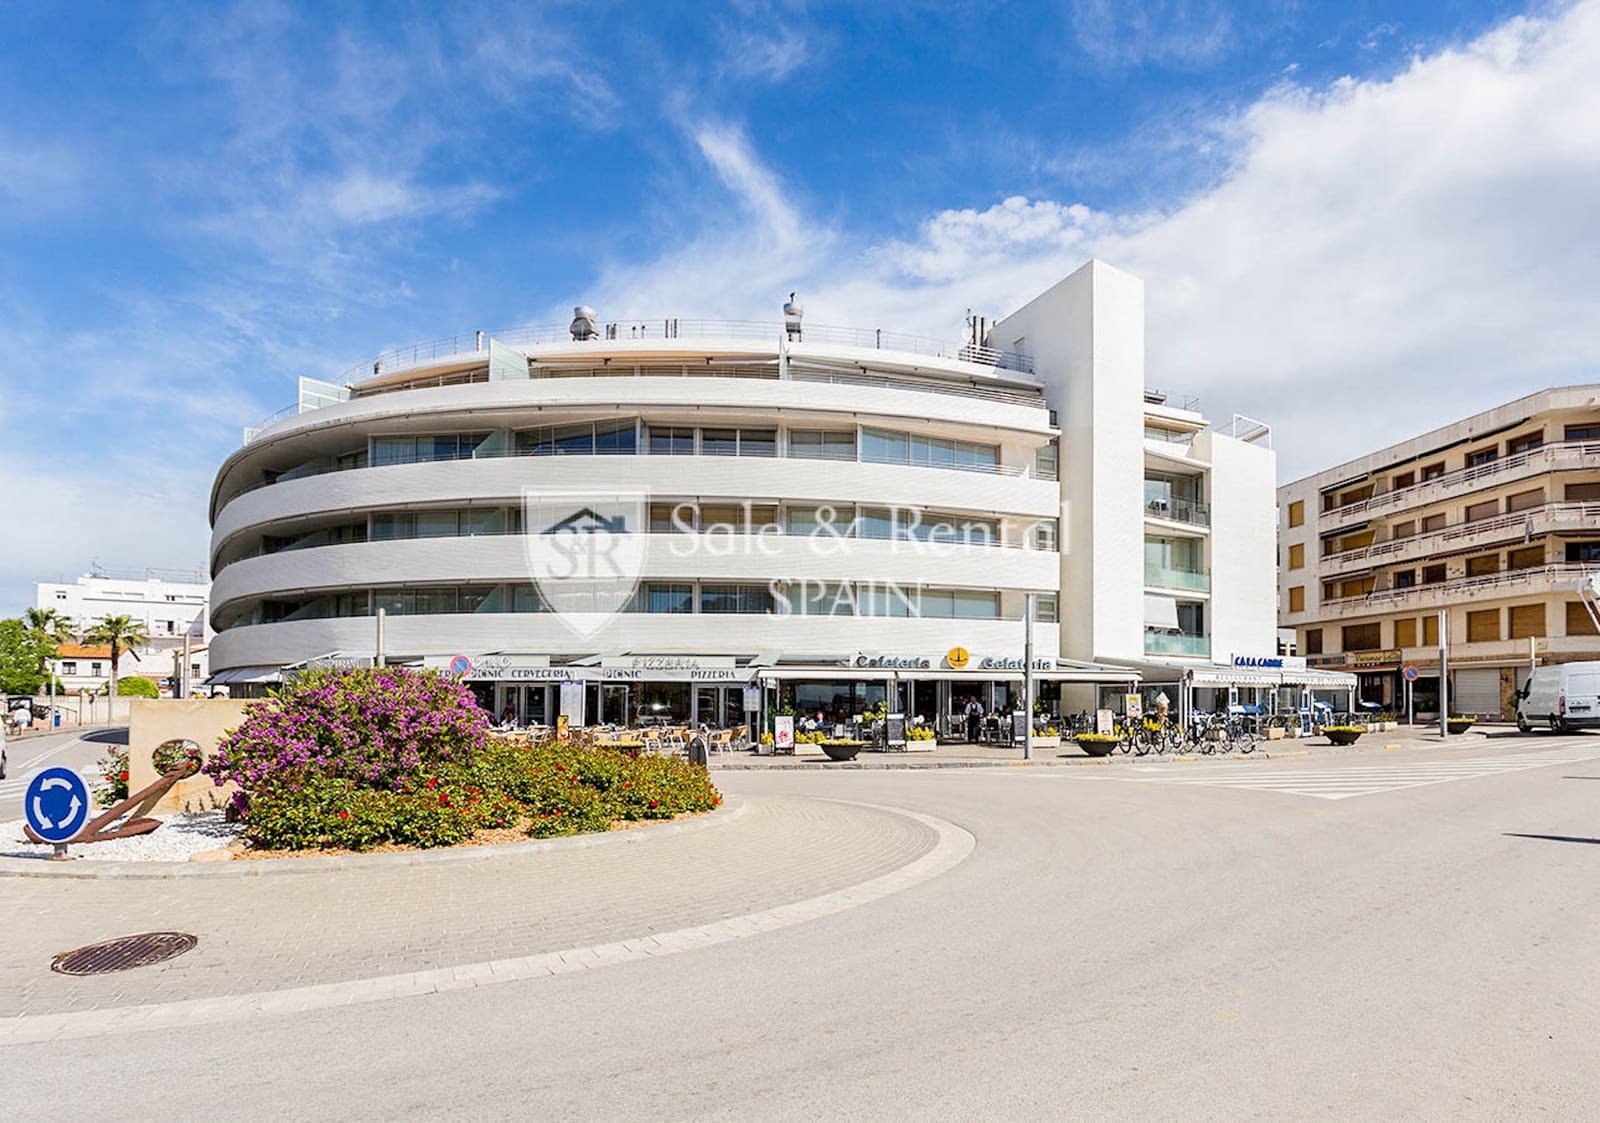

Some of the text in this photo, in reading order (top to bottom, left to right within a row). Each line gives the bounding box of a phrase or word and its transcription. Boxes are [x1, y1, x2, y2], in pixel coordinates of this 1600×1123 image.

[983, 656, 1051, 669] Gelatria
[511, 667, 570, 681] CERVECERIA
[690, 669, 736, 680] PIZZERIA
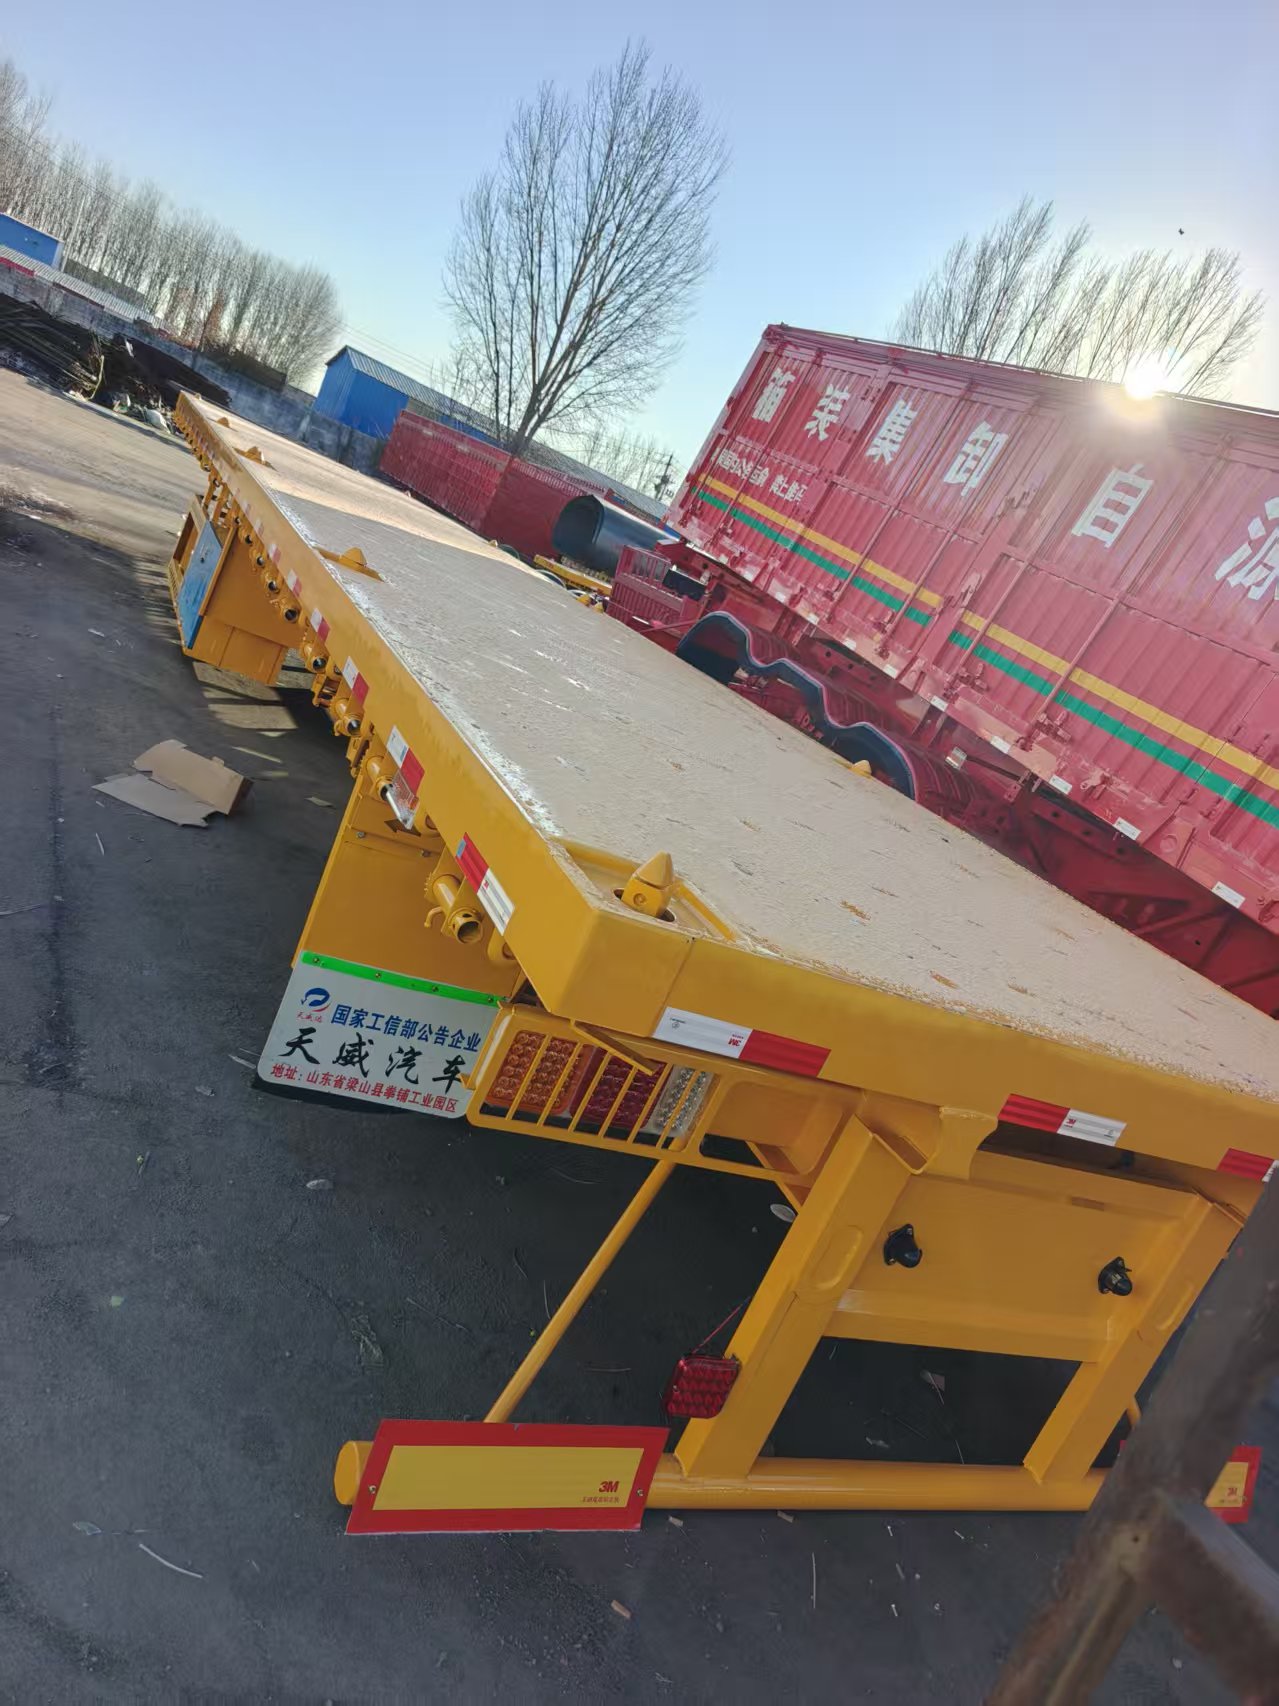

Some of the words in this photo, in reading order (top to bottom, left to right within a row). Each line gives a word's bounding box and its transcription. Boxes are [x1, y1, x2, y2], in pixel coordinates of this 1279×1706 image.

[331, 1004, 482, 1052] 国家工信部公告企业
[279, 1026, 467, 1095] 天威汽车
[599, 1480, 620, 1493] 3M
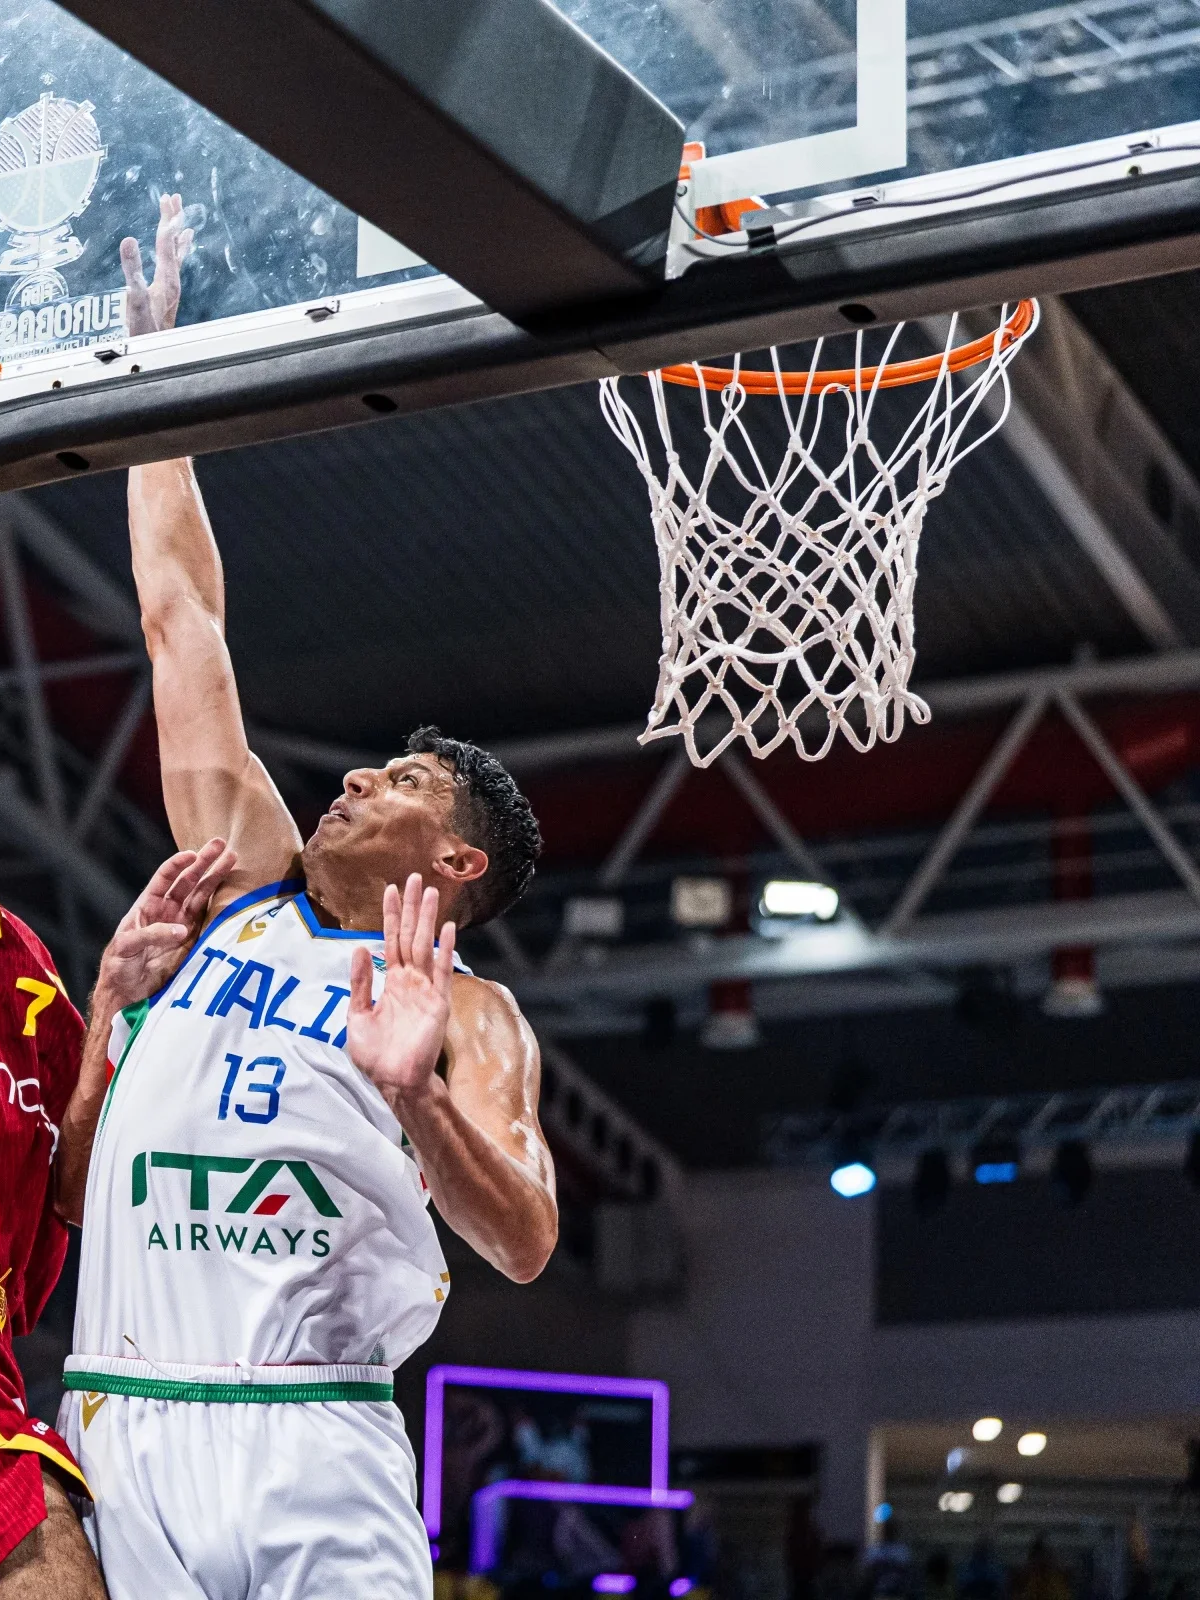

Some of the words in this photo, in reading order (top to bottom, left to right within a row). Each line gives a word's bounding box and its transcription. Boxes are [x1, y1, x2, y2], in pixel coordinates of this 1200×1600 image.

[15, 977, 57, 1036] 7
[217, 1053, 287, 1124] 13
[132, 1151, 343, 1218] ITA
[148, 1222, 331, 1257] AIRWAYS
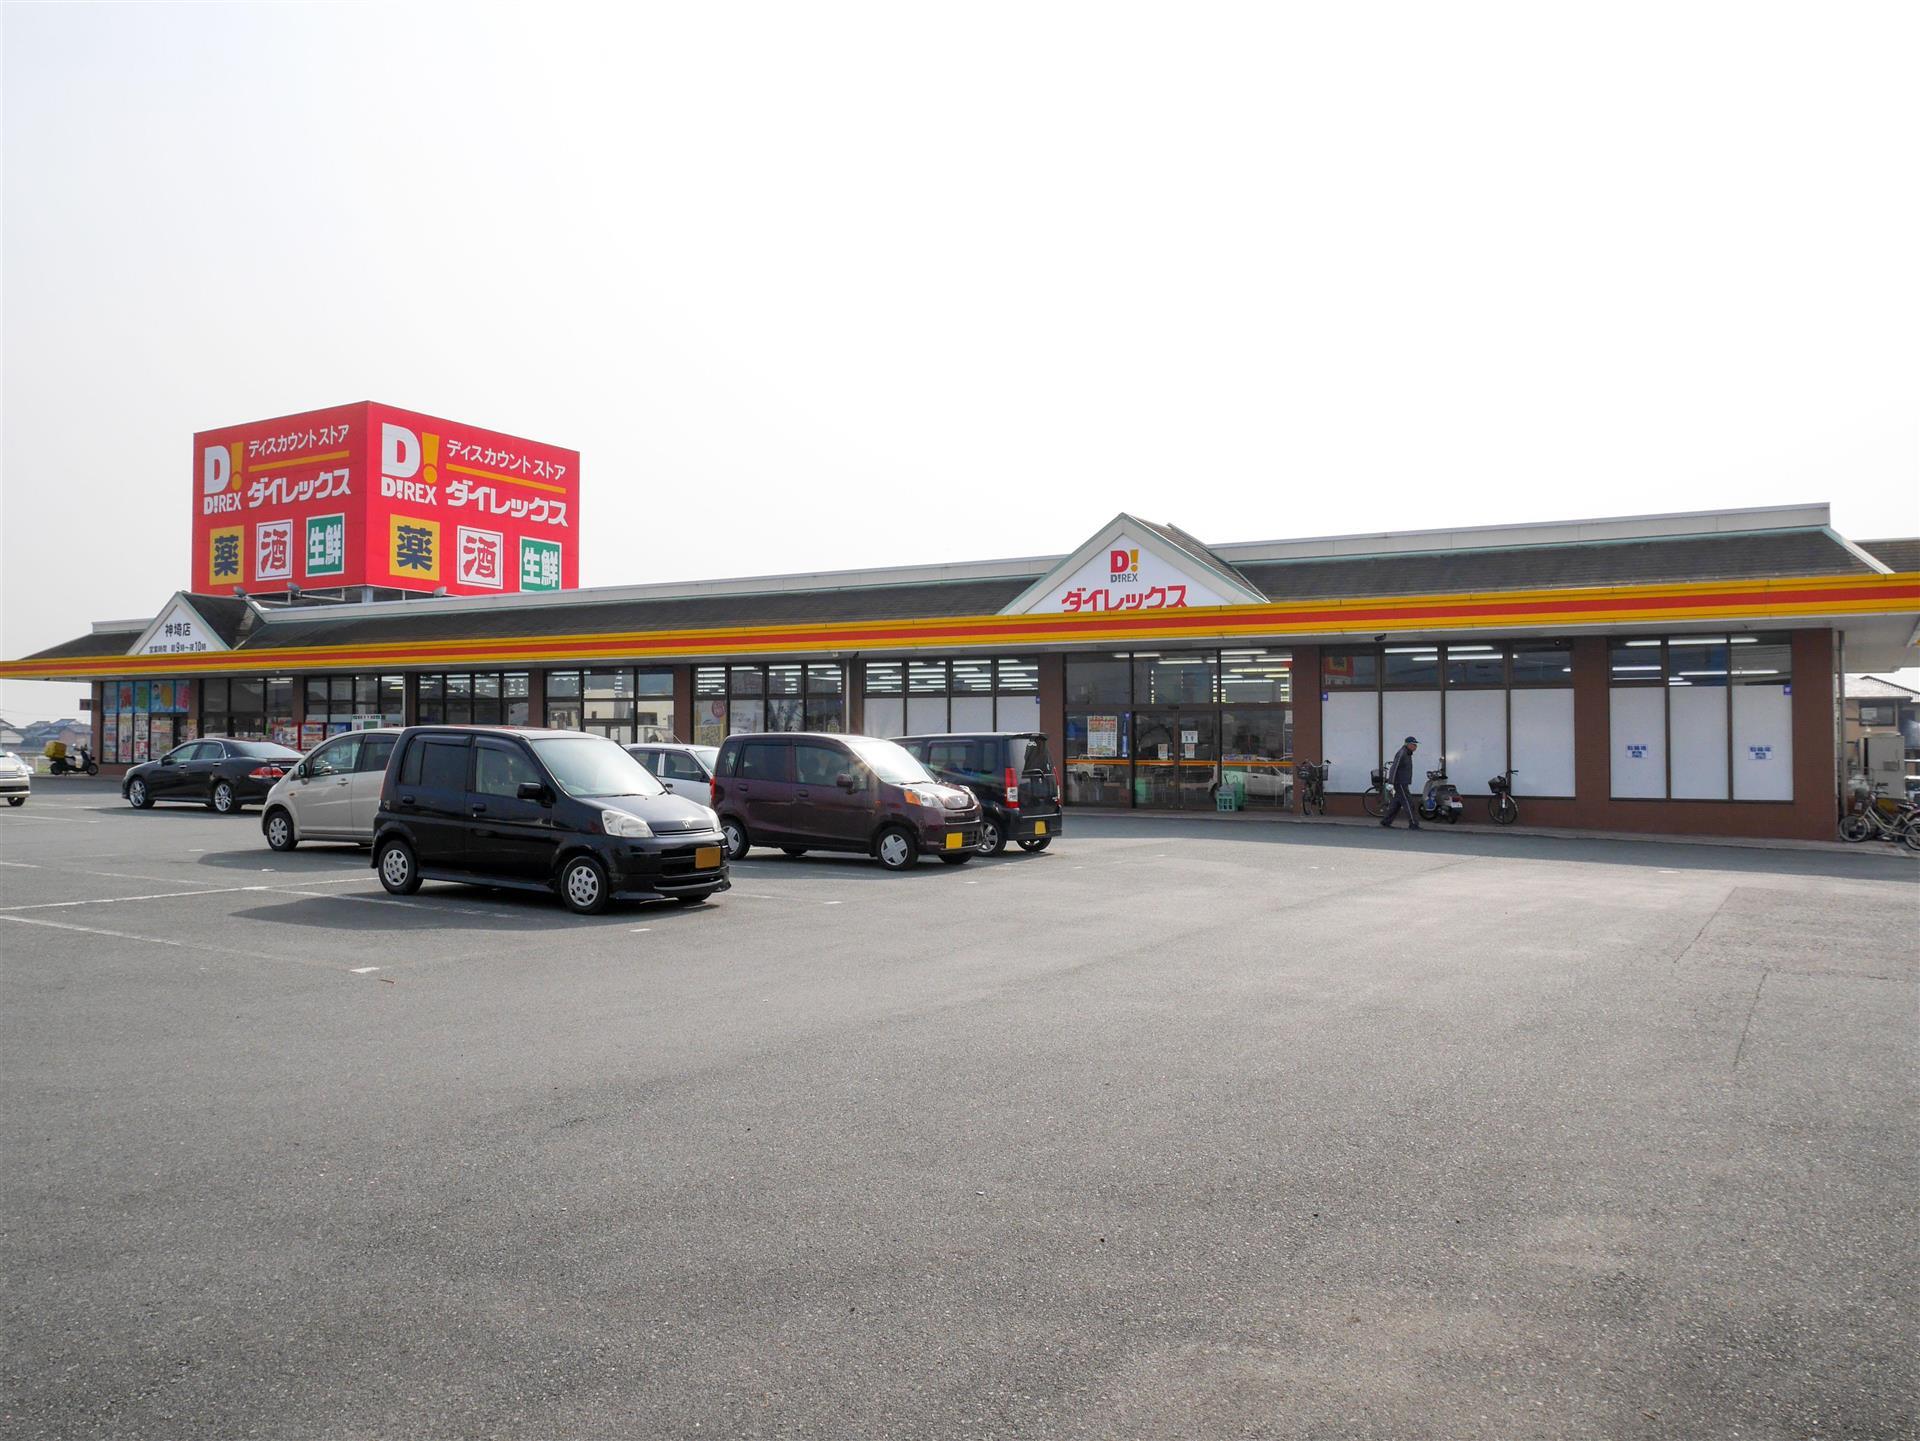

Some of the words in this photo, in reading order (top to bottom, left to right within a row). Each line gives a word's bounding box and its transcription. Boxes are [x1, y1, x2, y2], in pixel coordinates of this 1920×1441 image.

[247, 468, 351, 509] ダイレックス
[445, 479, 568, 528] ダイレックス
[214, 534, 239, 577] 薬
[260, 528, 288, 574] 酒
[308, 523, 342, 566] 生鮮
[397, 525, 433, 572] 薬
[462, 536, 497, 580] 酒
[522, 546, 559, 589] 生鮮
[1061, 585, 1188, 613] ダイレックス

-----

• **Work required**: Make a word-for-word copy of the records above, excluding all pictures.

• **Finished task**:
Some of the text in this photo, in reading order (top to bottom, left to right within a row). Each line gives the bounding box of a phrase or word and its transcription. Boxes are [x1, y1, x2, y2], in pixel coordinates of this 1600×1123 image.

[983, 656, 1051, 669] Gelatria
[511, 667, 570, 681] CERVECERIA
[690, 669, 736, 680] PIZZERIA

Some of the words in this photo, in reading order (top to bottom, left to right within a row). Each line gives a word's bounding box and its transcription. Boxes are [x1, y1, x2, y2], in pixel coordinates of this 1279×1706 image.

[331, 1004, 482, 1052] 国家工信部公告企业
[279, 1026, 467, 1095] 天威汽车
[599, 1480, 620, 1493] 3M

Some of the words in this photo, in reading order (top to bottom, left to right within a row). Each line gives a word's bounding box and its transcription. Boxes are [x1, y1, x2, y2], in pixel coordinates of this 1200×1600 image.

[15, 977, 57, 1036] 7
[217, 1053, 287, 1124] 13
[132, 1151, 343, 1218] ITA
[148, 1222, 331, 1257] AIRWAYS

Some of the words in this photo, in reading order (top to bottom, left to right within a row). Each line gives a word's bounding box and its transcription. Boxes are [x1, y1, x2, y2], in pixel coordinates of this 1920×1441 image.

[247, 468, 351, 509] ダイレックス
[445, 479, 568, 528] ダイレックス
[214, 534, 239, 577] 薬
[260, 528, 288, 574] 酒
[308, 523, 342, 566] 生鮮
[397, 525, 433, 572] 薬
[462, 536, 497, 580] 酒
[522, 546, 559, 589] 生鮮
[1061, 585, 1188, 613] ダイレックス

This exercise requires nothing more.